These days there's little excuse for a bad mix. For example: I work with an engineer who spends long weekends touring with a company that does those "A Night of" shows. You know, "A Night of Pink Floyd," "A Night of Queen," etc. They tour a ten--to-eleven piece rock ensemble that pairs with a fifty-piece ensemble from the local symphony at whatever city they land in all over this and other countries. He has his "show" entirely on a couple of thumb drives, including mixes and feeds. The company owns a sound system with a specific console or the venue supplies a choice of that particular console or one other. He carries a flypack with his laptop, calibrated mics, and a few other goodies. There's analysis software on the laptop. He does as many as four concerts in a long weekend. The band is entirely on in-ear monitors so the monitor mixes don't change. The road team does the setup. On a leisurely date he arrives the day before and has plenty of time to tune the system to the hall. On a tighter schedule he flies in on the day of. On those four-concert weekends he's likely to arrive an hour before the show, load his console and show, and do a quick room tweak. He's actually just before the show, loaded from the thumb drive, and tweaked on the first couple of numbers.

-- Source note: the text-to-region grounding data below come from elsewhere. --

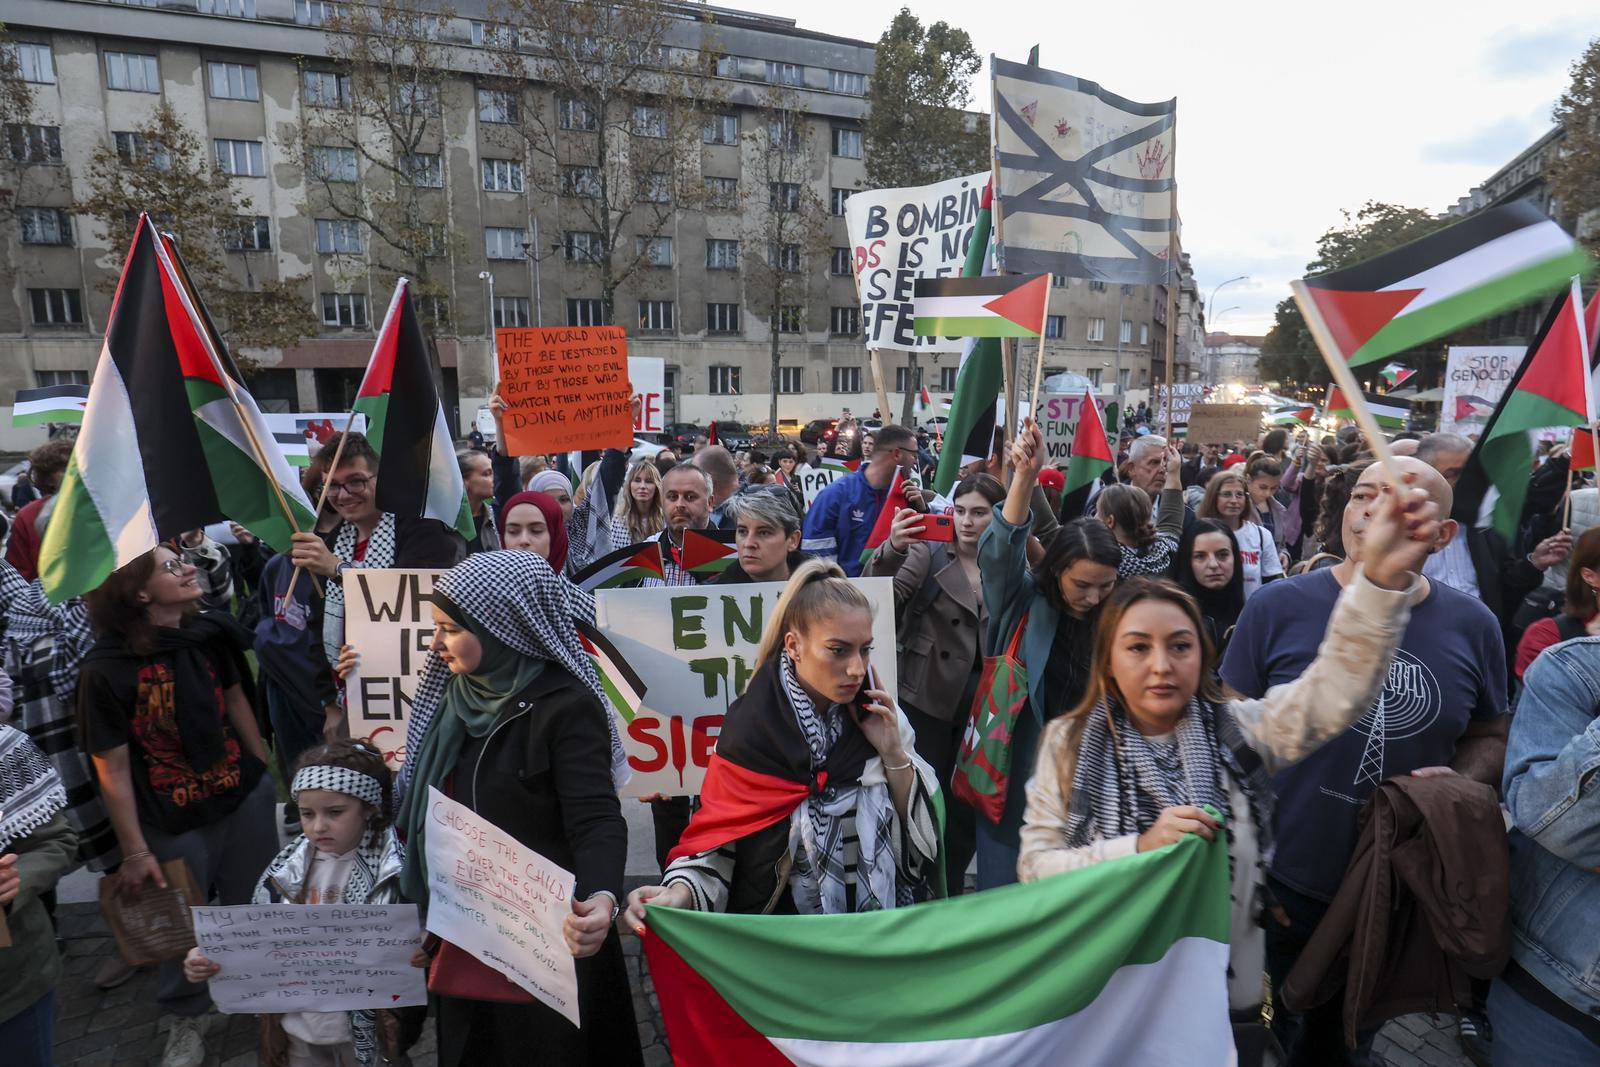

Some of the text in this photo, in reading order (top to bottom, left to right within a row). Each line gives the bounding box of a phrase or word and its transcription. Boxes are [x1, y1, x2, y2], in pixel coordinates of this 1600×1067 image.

[899, 237, 929, 268] IS
[499, 329, 626, 348] THE WORLD WILL
[502, 346, 618, 366] NOT BE DESTROYED
[1469, 356, 1508, 369] STOP
[505, 363, 623, 380] BY THOSE WHO DO EVIL
[1451, 369, 1514, 381] GENOCID
[508, 374, 618, 394] BUT BY THOSE WHO
[507, 391, 630, 409] WATCH THEM WITHOUT
[510, 402, 630, 429] DOING ANYTHING
[432, 801, 565, 901] CHOOSE THE CHILD
[467, 849, 497, 875] OVER
[499, 866, 519, 885] THE
[198, 911, 234, 928] MY
[247, 911, 296, 921] NAME
[331, 909, 388, 920] ALEYNA
[200, 933, 224, 941] MY
[272, 926, 310, 935] MADE
[318, 925, 353, 933] THIS
[361, 925, 392, 933] SIGN
[203, 945, 234, 954] FOR
[240, 942, 260, 951] ME
[271, 938, 338, 950] BECAUSE
[345, 938, 372, 946] SHE
[267, 950, 357, 959] PALESTINIANS
[281, 959, 354, 967] CHILDREN
[312, 988, 328, 996] TO

As he's worked with the company for years he's saved hundreds of hall tweaks and now needs less and less setup time. And he's a real pro. His mixes are GREAT and he works the 90-95db range, which the symphonies love. But I saw a show by that same company that was mixed by another guy and it was just as I described: the guy started at about 90db, got his feel going, and it hit 110db after the second song. My ears distorted, all clarity disappeared, and in went the plugs. Gotta save the money makers.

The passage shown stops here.